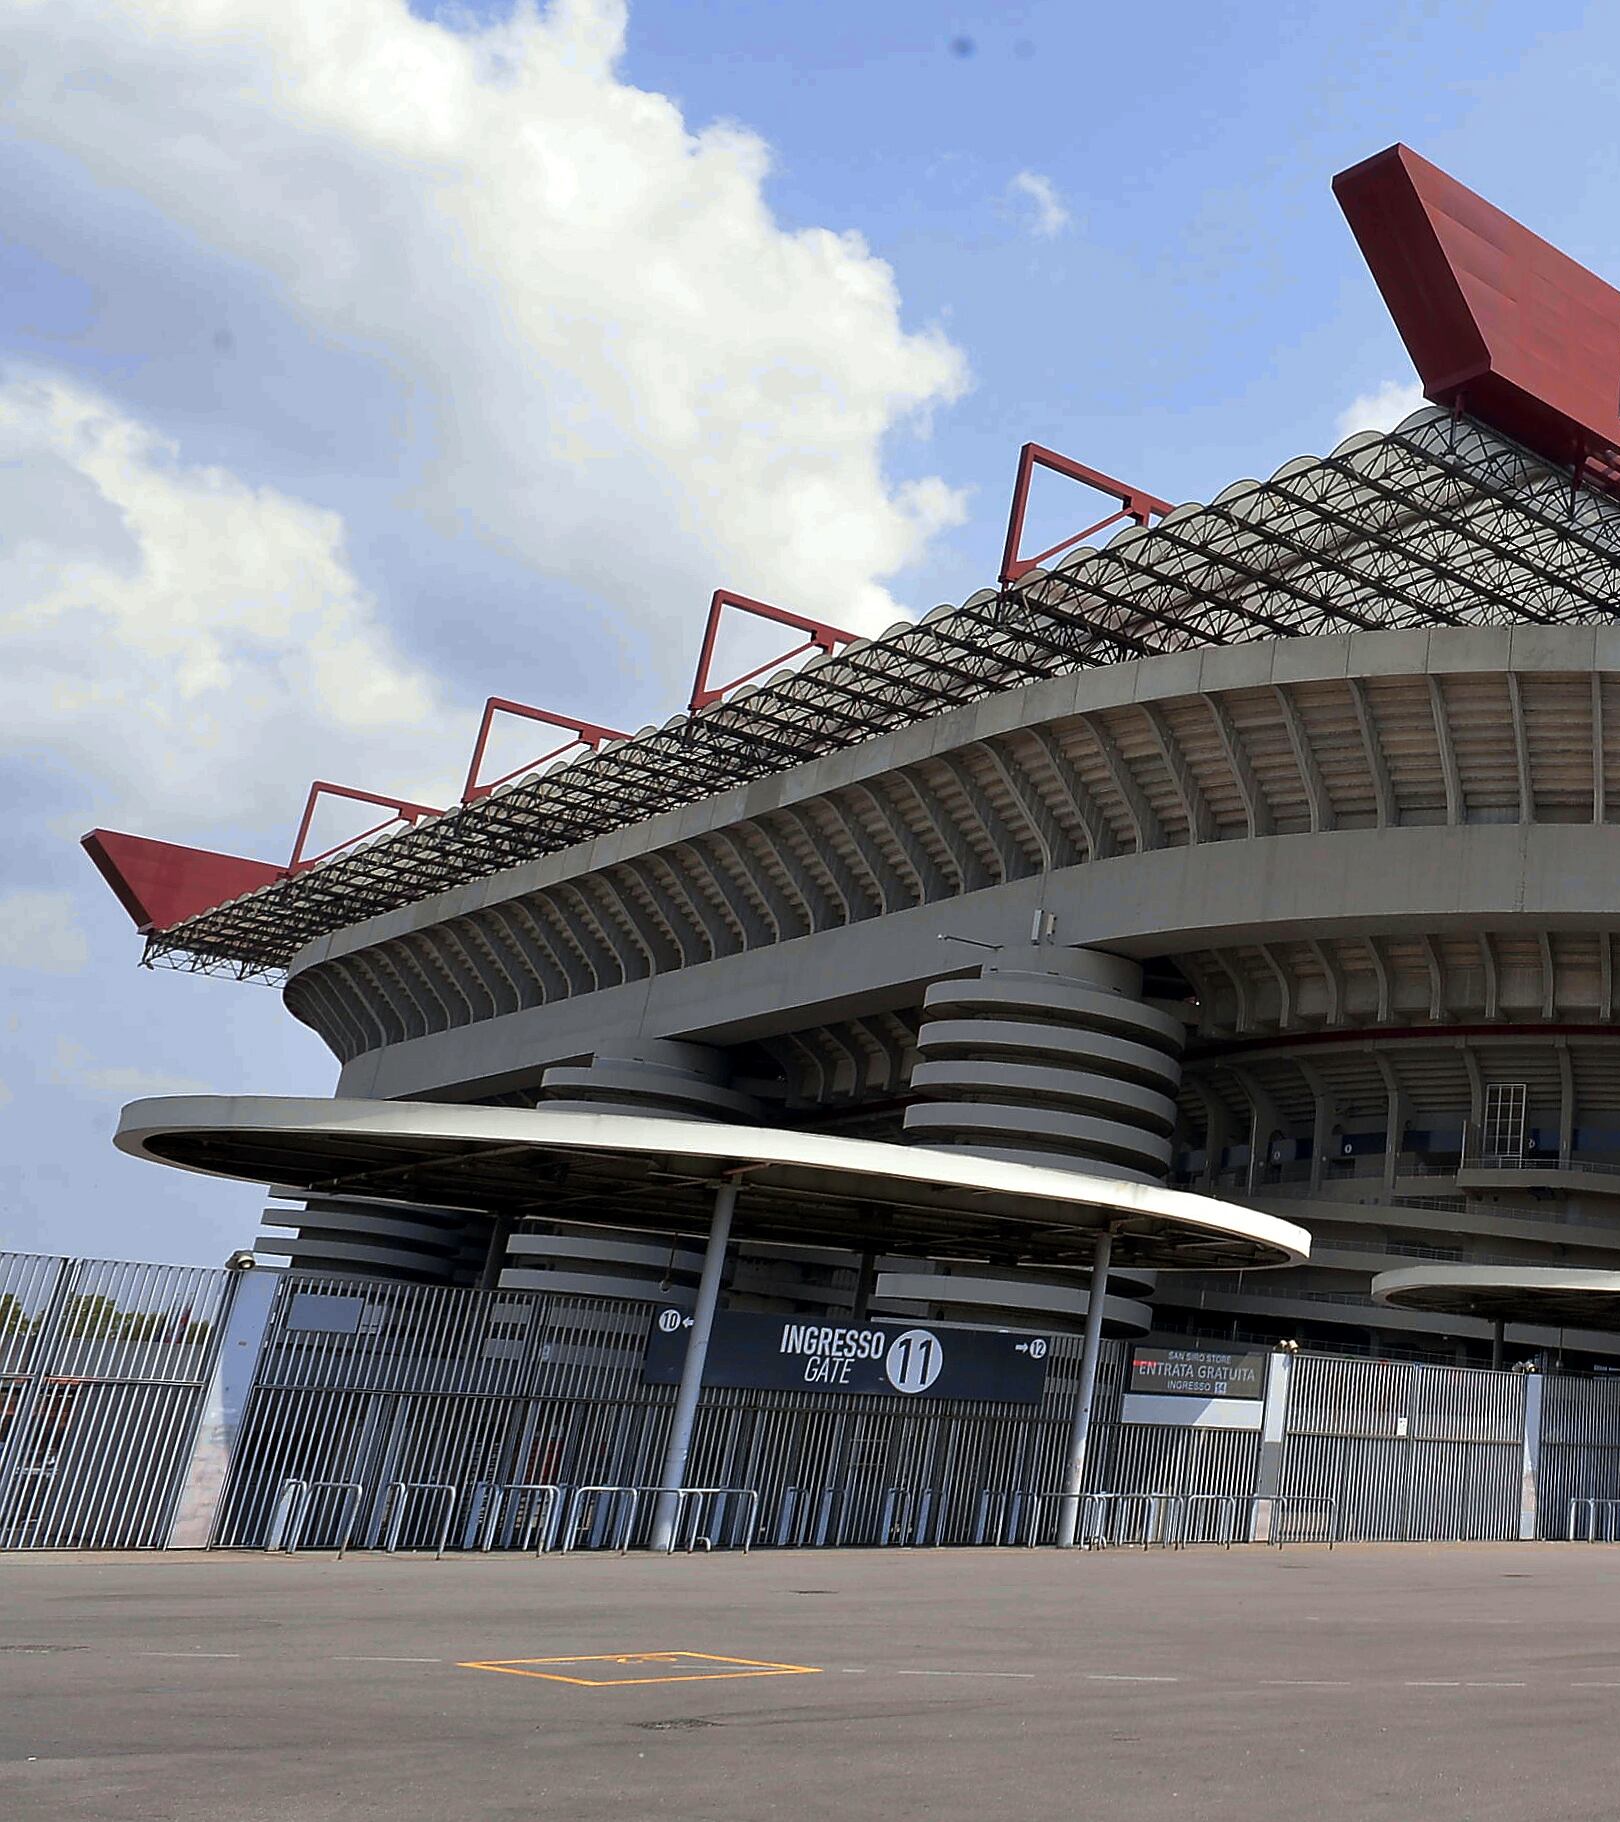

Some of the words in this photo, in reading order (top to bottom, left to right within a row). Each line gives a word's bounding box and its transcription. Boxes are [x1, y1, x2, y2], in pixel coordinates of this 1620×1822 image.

[780, 1324, 886, 1360] INGRESSO
[804, 1355, 856, 1384] GATE
[898, 1337, 933, 1385] 11
[1168, 1351, 1184, 1361] SAN
[1207, 1354, 1232, 1364] STORE
[1139, 1361, 1194, 1378] ENTRATA
[1197, 1365, 1255, 1382] GRATUITA
[1167, 1380, 1211, 1392] INGRESSO
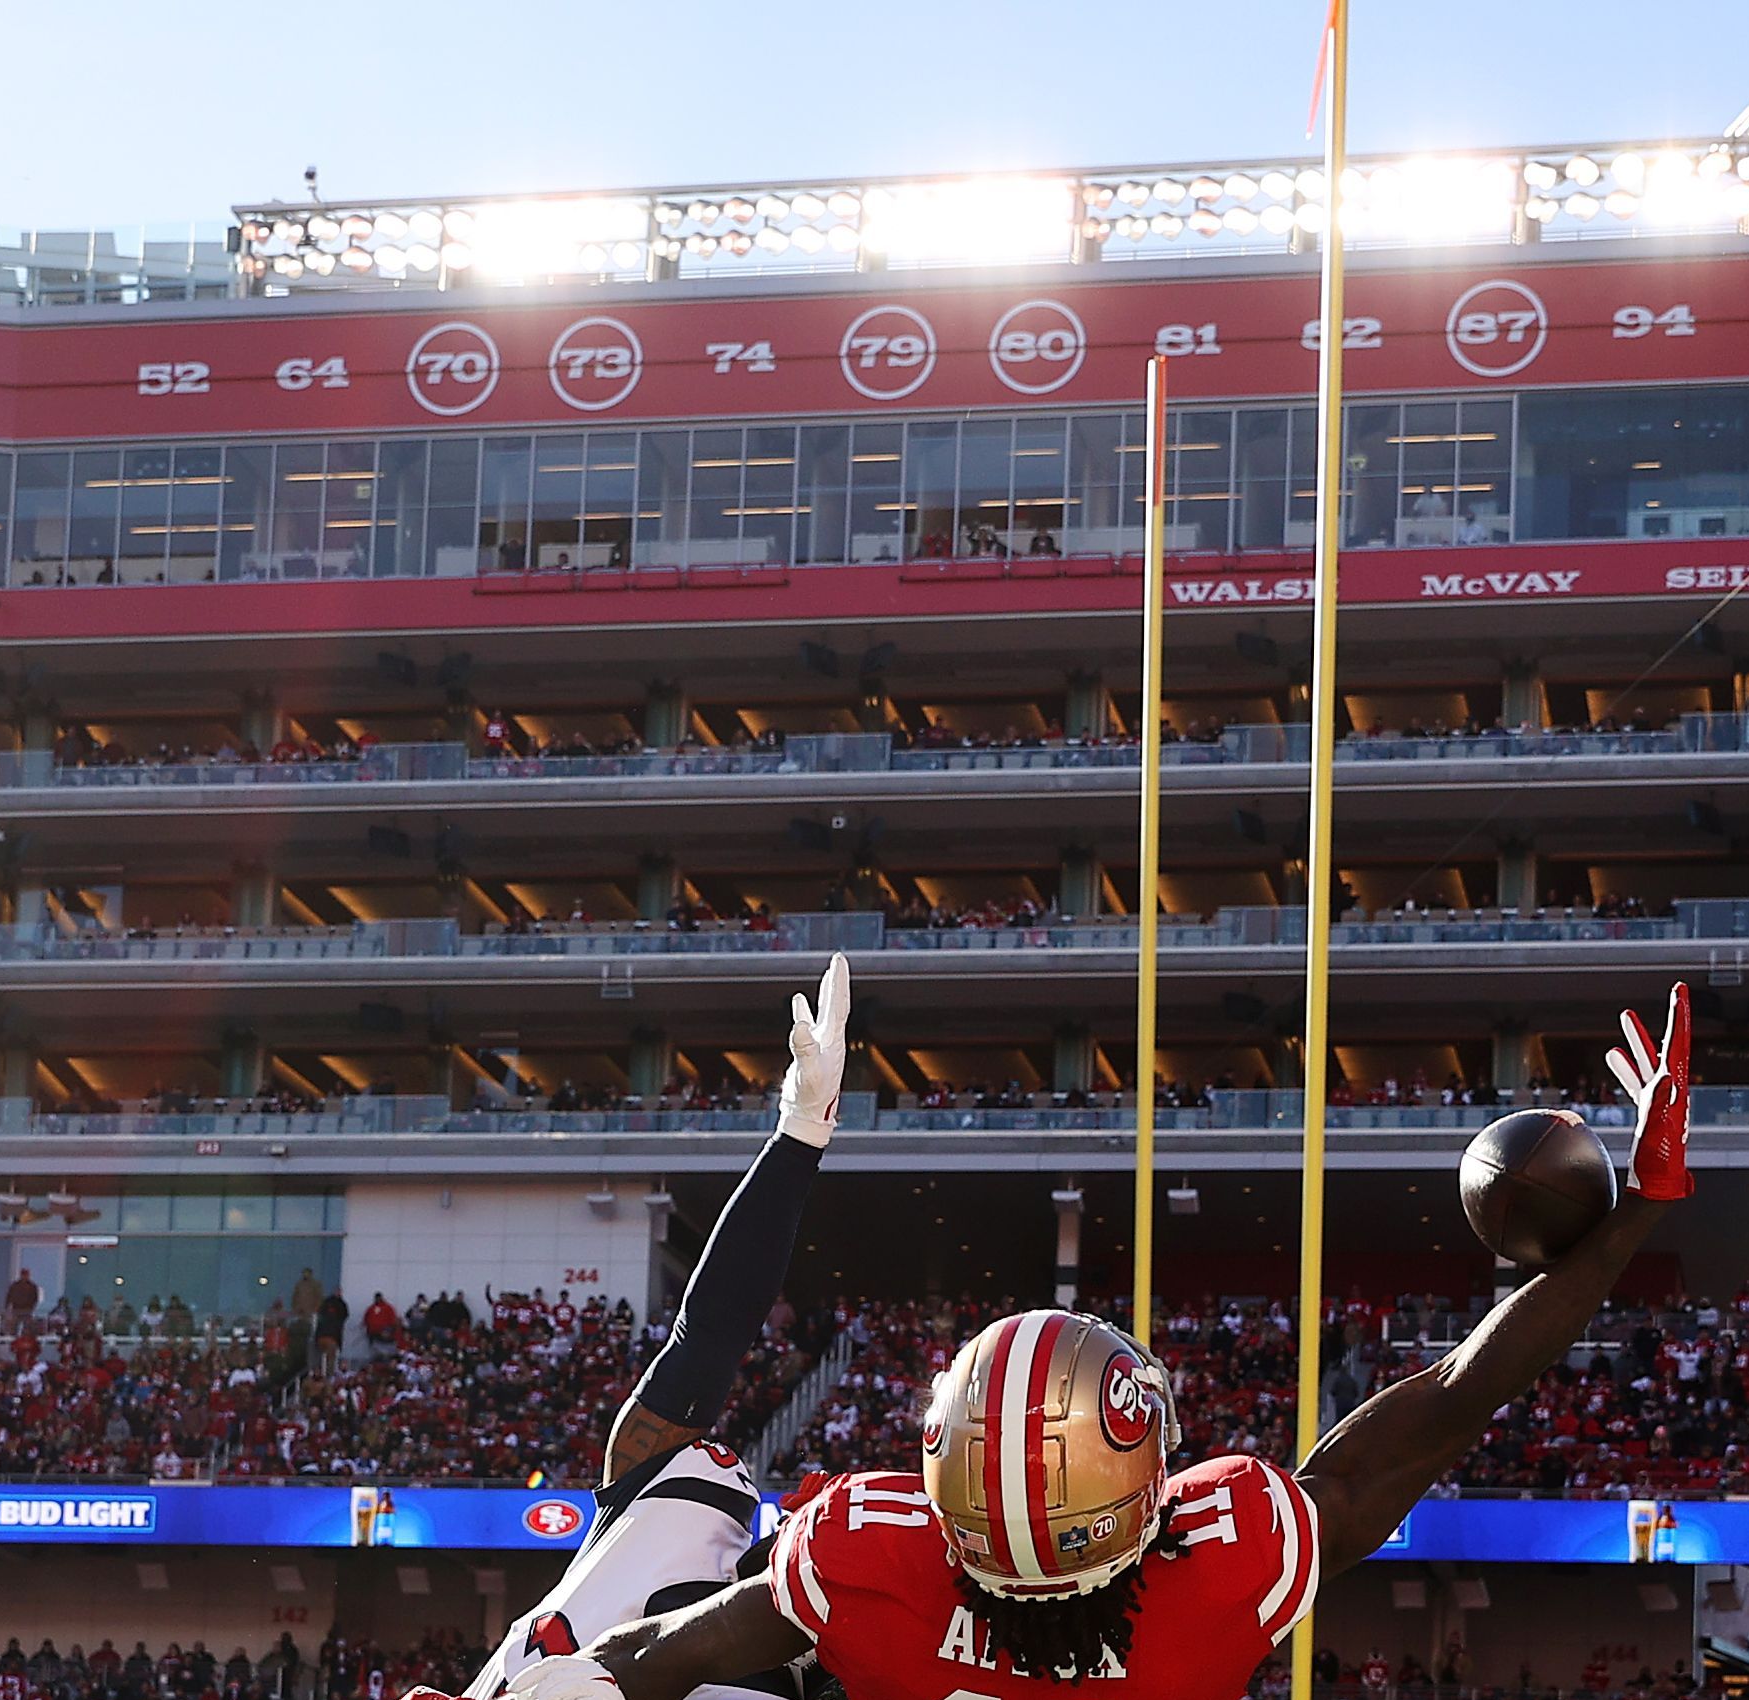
-=-=-
_Brief_.
Start at the first line and set down all of the data exactly, passing over the pictures.

_Task solution_.
Some of the words in this photo, in reading order (top to bottom, left to right within a row). Each line gives a word's bounding box and its transcription. Boxes are [x1, y1, x2, y2], in pixel coordinates of this 1620×1822 image.

[780, 1324, 886, 1360] INGRESSO
[804, 1355, 856, 1384] GATE
[898, 1337, 933, 1385] 11
[1168, 1351, 1184, 1361] SAN
[1207, 1354, 1232, 1364] STORE
[1139, 1361, 1194, 1378] ENTRATA
[1197, 1365, 1255, 1382] GRATUITA
[1167, 1380, 1211, 1392] INGRESSO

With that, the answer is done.